La polémica se ha centrado en Tenerife y, de momento, no alcanza al resto de Canarias. Sus cabezas visibles han sido el consejero de Aguas y Agricultura del Cabildo, Alonso Arroyo, y Gloria Gutiérrez, portavoz del PSOE en la misma corporación, aunque no sea necesario citarlos porque es de conocimiento público quienes gobiernan y quienes ejercen la oposición en la isla que tiene cinco denominaciones de origen.

Estos últimos se indignan porque consideran «insuficiente» el presupuesto dedicado a la «comercialización del sector vitivinícola», organizado a través de unas bodegas comarcales «que ahora abandonan a su suerte», a pesar de que «todos sabemos que el problema principal de nuestros vinos es la falta de comercialización». Y no les falta razón en el diagnóstico de que se carece de una buena red comercial.

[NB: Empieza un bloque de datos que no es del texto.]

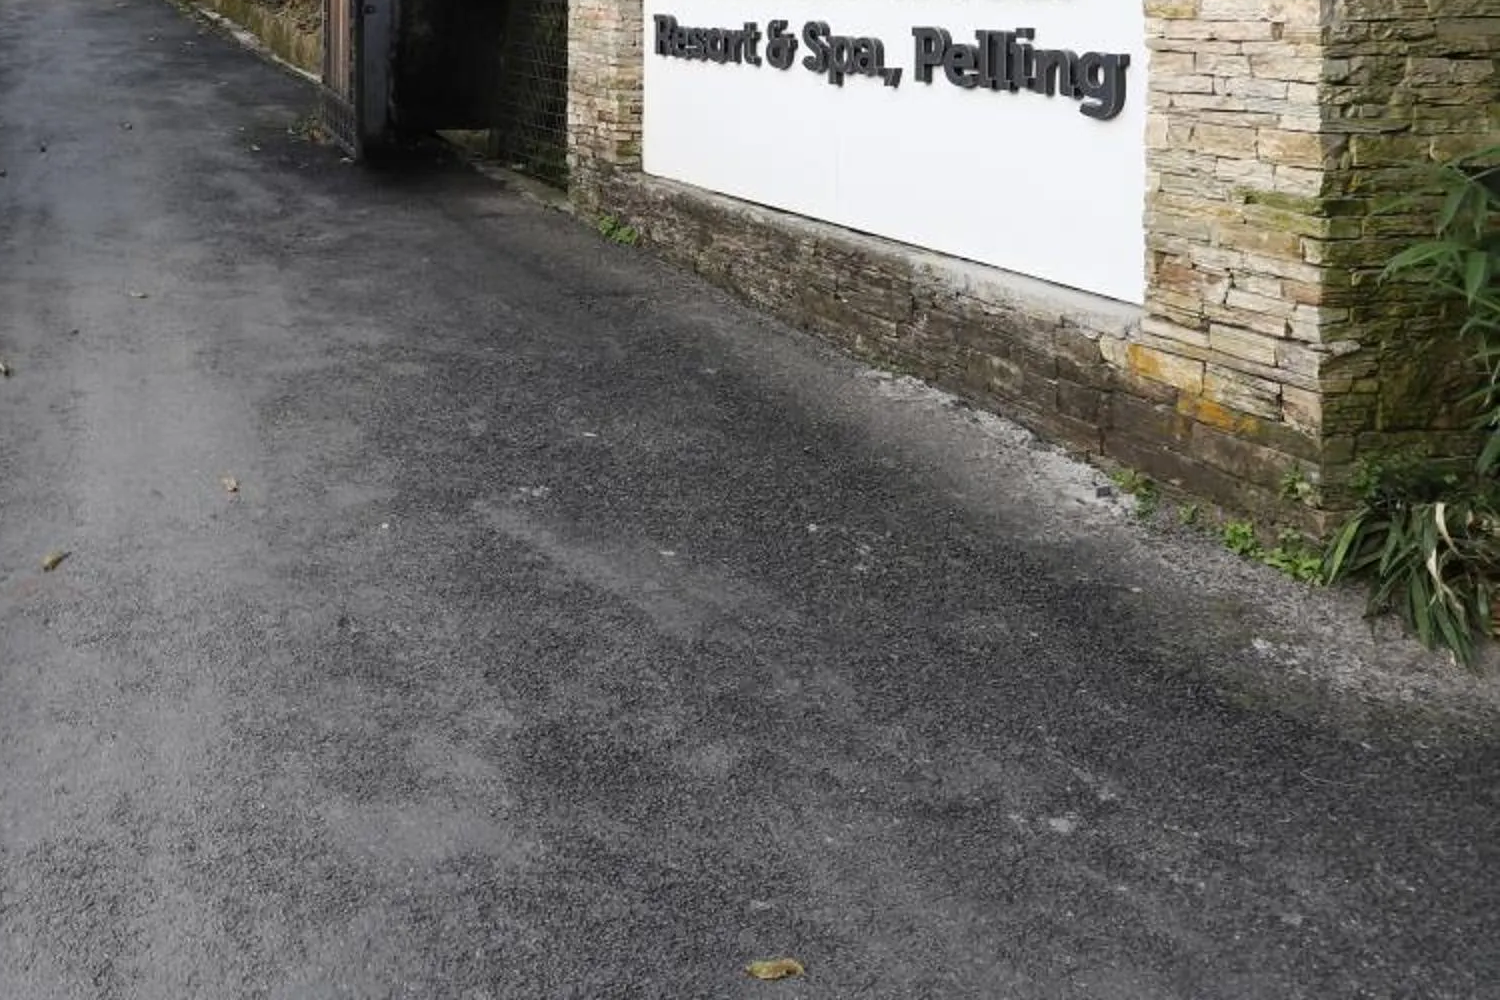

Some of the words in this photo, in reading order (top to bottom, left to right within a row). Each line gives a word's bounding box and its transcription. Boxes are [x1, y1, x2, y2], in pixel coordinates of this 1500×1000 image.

La oposición todavía llega más lejos: acusa a quienes gobiernan de la deficiente comercialización del vino, pues estima que «si tienen que enfrentarse a intereses económicos de terceros, entre otros los que afectan al sector importador, son incapaces de tomar medidas para fomentar nuestros productos» y, por añadidura, «un año más contemplamos como se posterga la creación del Instituto Tecnológico del Vino, organismo que se encargaría de centralizar y coordinar toda la planificación e investigación».

Quienes gobiernan se defienden de estas acusaciones, que rechazan enfurecidos. Afirman que el presupuesto de 2003 para la agricultura en general se ha incrementado «en un 16 por ciento» respecto al del año pasado, y que entre las partidas incluidas destaca una inversión de 1,3 millones de euros «para continuar con el desarrollo del Plan Insular Vitivinícola, que contempla la ampliación y reforma de la Casa del Vino, nuevas subvenciones para las bodegas comarcales y, como principal novedad, la apertura del Laboratorio Vitivinícola Insular», que, señalan, centralizará y agilizará el análisis de los vinos, con capacidad para tratar unas 500 muestras diarias.

Añaden que «nunca han dejado de lado» el mundo vitivinícola y recuerdan que el año pasado organizaron el I Certamen de Los Grandes Vinos de Tenerife, para «promocionar sus bondades y especificidades», y que en colaboración con las cinco denominaciones de origen iniciaron una campaña de divulgación que se continuará en este 2003.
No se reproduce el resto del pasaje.